_Exercise input:_
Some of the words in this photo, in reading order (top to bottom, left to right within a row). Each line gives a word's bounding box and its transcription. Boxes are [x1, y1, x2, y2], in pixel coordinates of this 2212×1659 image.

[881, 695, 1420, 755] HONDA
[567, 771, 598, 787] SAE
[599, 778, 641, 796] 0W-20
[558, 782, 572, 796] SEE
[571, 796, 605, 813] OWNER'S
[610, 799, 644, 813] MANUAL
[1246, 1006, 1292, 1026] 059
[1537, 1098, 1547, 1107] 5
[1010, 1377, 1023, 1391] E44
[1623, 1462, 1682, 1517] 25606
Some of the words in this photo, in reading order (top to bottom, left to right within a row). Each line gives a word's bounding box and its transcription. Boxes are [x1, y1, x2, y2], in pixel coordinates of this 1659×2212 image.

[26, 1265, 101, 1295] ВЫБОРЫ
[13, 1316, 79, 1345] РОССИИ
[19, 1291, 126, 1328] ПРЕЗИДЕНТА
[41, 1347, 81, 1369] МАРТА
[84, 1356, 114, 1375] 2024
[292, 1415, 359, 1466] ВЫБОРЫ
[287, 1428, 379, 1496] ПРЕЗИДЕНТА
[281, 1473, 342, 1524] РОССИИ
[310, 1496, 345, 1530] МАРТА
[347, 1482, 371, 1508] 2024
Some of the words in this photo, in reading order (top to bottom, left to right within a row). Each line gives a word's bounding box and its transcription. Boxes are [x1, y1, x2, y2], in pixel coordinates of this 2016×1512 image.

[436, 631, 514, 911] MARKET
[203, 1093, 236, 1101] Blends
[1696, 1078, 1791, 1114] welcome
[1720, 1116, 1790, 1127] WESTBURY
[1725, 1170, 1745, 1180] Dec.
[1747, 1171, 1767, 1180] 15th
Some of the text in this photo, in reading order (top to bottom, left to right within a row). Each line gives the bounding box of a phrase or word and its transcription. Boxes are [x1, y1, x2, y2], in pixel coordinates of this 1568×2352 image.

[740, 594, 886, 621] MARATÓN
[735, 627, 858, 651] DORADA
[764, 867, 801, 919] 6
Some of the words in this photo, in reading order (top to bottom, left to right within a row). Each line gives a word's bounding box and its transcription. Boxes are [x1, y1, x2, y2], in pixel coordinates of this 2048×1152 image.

_What to produce:_ Output the full listing again with nothing altered.

_Answer section:_
Some of the words in this photo, in reading order (top to bottom, left to right within a row). Each line gives a word's bounding box and its transcription. Boxes are [x1, y1, x2, y2], in pixel coordinates of this 2212×1659 image.

[881, 695, 1420, 755] HONDA
[567, 771, 598, 787] SAE
[599, 778, 641, 796] 0W-20
[558, 782, 572, 796] SEE
[571, 796, 605, 813] OWNER'S
[610, 799, 644, 813] MANUAL
[1246, 1006, 1292, 1026] 059
[1537, 1098, 1547, 1107] 5
[1010, 1377, 1023, 1391] E44
[1623, 1462, 1682, 1517] 25606
Some of the words in this photo, in reading order (top to bottom, left to right within a row). Each line gives a word's bounding box and its transcription. Boxes are [x1, y1, x2, y2], in pixel coordinates of this 1659×2212 image.

[26, 1265, 101, 1295] ВЫБОРЫ
[13, 1316, 79, 1345] РОССИИ
[19, 1291, 126, 1328] ПРЕЗИДЕНТА
[41, 1347, 81, 1369] МАРТА
[84, 1356, 114, 1375] 2024
[292, 1415, 359, 1466] ВЫБОРЫ
[287, 1428, 379, 1496] ПРЕЗИДЕНТА
[281, 1473, 342, 1524] РОССИИ
[310, 1496, 345, 1530] МАРТА
[347, 1482, 371, 1508] 2024
Some of the words in this photo, in reading order (top to bottom, left to right within a row). Each line gives a word's bounding box and its transcription. Boxes are [x1, y1, x2, y2], in pixel coordinates of this 2016×1512 image.

[436, 631, 514, 911] MARKET
[203, 1093, 236, 1101] Blends
[1696, 1078, 1791, 1114] welcome
[1720, 1116, 1790, 1127] WESTBURY
[1725, 1170, 1745, 1180] Dec.
[1747, 1171, 1767, 1180] 15th
Some of the text in this photo, in reading order (top to bottom, left to right within a row). Each line gives the bounding box of a phrase or word and its transcription. Boxes are [x1, y1, x2, y2], in pixel coordinates of this 1568×2352 image.

[740, 594, 886, 621] MARATÓN
[735, 627, 858, 651] DORADA
[764, 867, 801, 919] 6
Some of the words in this photo, in reading order (top to bottom, left to right within a row). Each line gives a word's bounding box and its transcription. Boxes are [x1, y1, x2, y2], in pixel coordinates of this 2048×1152 image.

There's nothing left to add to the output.